We should not be so blinded by concerns about voter fraud that we are willing to make it harder for thousands of eligible North Carolinians to exercise their right to vote. Research has shown that elderly citizens, low-income voters, African-American voters and voters under age 24 are among those least likely to have a current government-issued ID.
Furthermore, 40 of the state's 100 counties are covered by Section 5 of the Voting Rights Act. Thus, while our legislators may vote on Voter ID legislation, any changes to our election laws would need pre-clearance from the U.S. Department of Justice and/or a three-judge panel in Washington, D.C. In 2012, a Voter ID law in Texas was struck down through this process.
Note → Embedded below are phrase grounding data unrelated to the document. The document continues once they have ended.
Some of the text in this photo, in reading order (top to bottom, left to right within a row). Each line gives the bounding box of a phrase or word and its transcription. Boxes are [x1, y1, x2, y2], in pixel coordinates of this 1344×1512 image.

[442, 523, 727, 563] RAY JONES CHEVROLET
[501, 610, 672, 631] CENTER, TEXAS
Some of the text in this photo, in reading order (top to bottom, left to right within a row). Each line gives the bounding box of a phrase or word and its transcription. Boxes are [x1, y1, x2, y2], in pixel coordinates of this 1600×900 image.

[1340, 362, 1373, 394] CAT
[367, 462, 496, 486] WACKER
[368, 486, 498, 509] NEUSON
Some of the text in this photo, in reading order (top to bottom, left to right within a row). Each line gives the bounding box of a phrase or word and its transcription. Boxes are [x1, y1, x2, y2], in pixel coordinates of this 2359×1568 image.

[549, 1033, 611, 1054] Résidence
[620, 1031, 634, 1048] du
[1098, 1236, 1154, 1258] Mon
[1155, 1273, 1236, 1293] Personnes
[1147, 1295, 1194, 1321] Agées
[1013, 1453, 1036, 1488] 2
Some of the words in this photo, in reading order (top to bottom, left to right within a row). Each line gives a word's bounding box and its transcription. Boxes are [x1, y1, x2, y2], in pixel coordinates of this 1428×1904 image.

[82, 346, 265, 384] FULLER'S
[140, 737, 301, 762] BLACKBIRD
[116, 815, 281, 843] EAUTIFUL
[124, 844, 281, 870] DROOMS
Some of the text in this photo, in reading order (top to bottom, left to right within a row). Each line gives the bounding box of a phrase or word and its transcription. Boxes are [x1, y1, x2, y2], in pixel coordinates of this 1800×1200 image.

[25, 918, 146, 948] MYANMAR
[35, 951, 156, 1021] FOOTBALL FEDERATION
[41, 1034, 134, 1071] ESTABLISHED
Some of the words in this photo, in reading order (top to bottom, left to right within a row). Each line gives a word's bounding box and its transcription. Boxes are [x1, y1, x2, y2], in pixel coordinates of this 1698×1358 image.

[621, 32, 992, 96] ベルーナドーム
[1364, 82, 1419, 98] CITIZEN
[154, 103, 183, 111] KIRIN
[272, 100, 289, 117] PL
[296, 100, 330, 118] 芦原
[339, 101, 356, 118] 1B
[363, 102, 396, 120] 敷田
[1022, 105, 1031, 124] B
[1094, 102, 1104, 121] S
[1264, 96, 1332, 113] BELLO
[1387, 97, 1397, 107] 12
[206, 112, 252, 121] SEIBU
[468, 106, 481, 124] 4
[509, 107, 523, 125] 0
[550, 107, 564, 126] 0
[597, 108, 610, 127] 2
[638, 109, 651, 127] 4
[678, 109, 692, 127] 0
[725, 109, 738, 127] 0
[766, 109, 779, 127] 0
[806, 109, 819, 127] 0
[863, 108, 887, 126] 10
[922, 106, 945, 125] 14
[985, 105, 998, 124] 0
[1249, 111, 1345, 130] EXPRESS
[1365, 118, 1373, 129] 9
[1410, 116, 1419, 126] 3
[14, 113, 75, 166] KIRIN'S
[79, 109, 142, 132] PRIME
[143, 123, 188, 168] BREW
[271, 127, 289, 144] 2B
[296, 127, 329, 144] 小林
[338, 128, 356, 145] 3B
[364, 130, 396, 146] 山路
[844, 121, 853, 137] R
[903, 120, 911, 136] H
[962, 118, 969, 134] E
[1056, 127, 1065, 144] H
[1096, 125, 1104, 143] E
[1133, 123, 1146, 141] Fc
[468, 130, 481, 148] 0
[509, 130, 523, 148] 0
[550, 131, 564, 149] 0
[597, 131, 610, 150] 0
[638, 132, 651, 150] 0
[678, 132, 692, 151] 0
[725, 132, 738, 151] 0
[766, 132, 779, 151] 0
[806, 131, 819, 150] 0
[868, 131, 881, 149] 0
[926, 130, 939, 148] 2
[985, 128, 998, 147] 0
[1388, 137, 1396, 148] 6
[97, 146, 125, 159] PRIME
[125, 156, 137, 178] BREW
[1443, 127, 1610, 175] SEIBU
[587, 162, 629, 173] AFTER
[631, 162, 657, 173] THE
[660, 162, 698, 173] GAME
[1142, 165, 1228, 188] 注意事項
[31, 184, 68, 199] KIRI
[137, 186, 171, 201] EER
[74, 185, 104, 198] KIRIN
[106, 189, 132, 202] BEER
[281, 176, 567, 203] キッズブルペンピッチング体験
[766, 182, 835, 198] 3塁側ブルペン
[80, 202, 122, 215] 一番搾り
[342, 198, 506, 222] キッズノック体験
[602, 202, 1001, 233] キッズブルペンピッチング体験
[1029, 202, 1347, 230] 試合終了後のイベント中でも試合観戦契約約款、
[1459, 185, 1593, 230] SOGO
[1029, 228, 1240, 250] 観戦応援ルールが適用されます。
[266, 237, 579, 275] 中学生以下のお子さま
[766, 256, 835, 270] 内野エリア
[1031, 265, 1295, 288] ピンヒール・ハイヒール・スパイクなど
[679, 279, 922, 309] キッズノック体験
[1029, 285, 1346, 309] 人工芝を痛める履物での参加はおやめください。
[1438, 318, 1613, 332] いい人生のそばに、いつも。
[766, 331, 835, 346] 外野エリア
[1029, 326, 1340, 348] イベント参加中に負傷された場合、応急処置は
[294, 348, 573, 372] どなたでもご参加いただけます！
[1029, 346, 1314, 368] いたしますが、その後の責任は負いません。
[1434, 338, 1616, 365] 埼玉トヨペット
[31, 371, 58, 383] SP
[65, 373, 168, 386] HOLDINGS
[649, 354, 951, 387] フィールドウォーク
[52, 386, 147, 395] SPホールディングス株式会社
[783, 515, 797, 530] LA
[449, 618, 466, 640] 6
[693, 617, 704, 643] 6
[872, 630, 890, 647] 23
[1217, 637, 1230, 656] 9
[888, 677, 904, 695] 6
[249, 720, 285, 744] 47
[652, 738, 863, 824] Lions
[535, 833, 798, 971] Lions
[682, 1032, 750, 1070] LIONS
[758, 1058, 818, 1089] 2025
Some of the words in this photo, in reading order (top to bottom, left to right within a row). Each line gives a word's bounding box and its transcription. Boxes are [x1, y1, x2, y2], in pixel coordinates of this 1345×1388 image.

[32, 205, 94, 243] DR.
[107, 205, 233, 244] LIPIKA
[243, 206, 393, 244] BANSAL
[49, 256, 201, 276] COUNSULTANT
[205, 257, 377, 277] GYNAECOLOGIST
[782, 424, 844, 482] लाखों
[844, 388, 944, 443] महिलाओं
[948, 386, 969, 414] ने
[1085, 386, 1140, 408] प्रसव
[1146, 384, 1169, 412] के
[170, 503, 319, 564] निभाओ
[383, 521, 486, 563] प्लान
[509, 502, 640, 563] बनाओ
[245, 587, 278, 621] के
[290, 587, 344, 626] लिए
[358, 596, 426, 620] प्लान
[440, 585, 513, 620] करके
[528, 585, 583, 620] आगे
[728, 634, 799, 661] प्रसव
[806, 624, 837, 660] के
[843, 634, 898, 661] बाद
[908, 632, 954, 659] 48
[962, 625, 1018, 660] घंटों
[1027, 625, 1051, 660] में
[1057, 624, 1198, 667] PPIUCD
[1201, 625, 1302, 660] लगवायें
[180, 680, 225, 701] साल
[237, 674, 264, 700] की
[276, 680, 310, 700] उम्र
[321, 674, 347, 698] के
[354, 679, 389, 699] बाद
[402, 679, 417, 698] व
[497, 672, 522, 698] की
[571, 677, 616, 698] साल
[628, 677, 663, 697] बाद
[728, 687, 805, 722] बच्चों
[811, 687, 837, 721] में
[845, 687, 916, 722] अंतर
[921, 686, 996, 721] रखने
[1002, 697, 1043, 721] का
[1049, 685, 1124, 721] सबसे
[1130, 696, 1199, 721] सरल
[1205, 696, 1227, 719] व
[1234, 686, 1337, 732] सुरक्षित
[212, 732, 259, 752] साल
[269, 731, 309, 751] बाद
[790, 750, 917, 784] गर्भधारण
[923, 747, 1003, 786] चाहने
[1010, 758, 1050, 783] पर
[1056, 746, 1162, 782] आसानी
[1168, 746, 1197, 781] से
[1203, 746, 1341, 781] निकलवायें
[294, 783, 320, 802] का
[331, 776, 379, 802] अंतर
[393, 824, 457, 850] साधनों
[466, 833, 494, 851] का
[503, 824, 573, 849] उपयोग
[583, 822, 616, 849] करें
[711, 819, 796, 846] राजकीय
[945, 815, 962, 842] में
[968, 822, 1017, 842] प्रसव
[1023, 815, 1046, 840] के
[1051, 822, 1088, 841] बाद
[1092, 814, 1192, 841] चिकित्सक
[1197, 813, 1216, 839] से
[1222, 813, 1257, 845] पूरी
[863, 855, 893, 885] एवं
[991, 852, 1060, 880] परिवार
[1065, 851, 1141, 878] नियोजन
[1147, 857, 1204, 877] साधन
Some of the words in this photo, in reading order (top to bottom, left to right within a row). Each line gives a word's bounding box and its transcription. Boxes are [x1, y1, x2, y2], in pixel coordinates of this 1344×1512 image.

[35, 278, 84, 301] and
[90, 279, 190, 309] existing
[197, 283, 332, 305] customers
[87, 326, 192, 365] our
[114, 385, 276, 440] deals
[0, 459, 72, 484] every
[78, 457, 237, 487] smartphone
Time and again these laws have been found to be illegal. Such restrictive voting laws should not be enacted in any state, nor should we allow politicians to manipulate election laws for their own personal gain. It is time for us to move beyond the rhetoric and work to ensure that everyone who is eligible to vote can vote, and will have their vote counted without any barriers.
On a practical level, some of the legislators promoting Voter ID are the same ones who claim they are concerned about fiscal responsibility. Voter ID could potentially cost the state's taxpayers millions of dollars to implement properly; it could also put new financial burdens on local governments. Is Voter ID really worth all these burdens?